> [Data to process]:
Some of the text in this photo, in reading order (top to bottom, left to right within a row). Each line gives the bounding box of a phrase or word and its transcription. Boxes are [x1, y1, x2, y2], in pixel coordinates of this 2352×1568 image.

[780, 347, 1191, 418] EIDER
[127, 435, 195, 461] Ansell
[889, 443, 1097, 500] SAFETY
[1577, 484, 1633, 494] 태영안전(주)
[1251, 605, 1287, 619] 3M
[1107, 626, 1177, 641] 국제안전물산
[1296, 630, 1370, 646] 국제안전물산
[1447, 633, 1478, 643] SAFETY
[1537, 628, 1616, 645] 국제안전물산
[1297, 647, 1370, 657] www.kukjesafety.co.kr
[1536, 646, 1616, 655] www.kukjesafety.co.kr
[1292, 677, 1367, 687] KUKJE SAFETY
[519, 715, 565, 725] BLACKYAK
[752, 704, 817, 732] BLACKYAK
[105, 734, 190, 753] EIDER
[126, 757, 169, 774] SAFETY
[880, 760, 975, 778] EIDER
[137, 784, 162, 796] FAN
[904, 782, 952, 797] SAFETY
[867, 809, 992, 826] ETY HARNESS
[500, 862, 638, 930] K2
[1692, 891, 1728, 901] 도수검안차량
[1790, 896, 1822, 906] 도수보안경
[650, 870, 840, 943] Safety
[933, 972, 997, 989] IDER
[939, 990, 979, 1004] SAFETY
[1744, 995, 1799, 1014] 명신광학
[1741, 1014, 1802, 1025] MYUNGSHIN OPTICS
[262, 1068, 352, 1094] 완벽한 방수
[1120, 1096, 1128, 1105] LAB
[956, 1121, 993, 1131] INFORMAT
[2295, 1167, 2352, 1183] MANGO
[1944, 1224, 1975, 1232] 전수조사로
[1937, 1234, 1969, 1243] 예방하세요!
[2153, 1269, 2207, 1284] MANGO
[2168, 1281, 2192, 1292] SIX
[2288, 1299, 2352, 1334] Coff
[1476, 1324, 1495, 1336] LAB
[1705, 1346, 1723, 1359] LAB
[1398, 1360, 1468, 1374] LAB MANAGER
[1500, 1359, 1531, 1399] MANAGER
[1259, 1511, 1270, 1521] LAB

> [What the task asks]: Please work out how many lines in this listing contain "국제안전물산", then give only that number.

> [Exercise output]: 3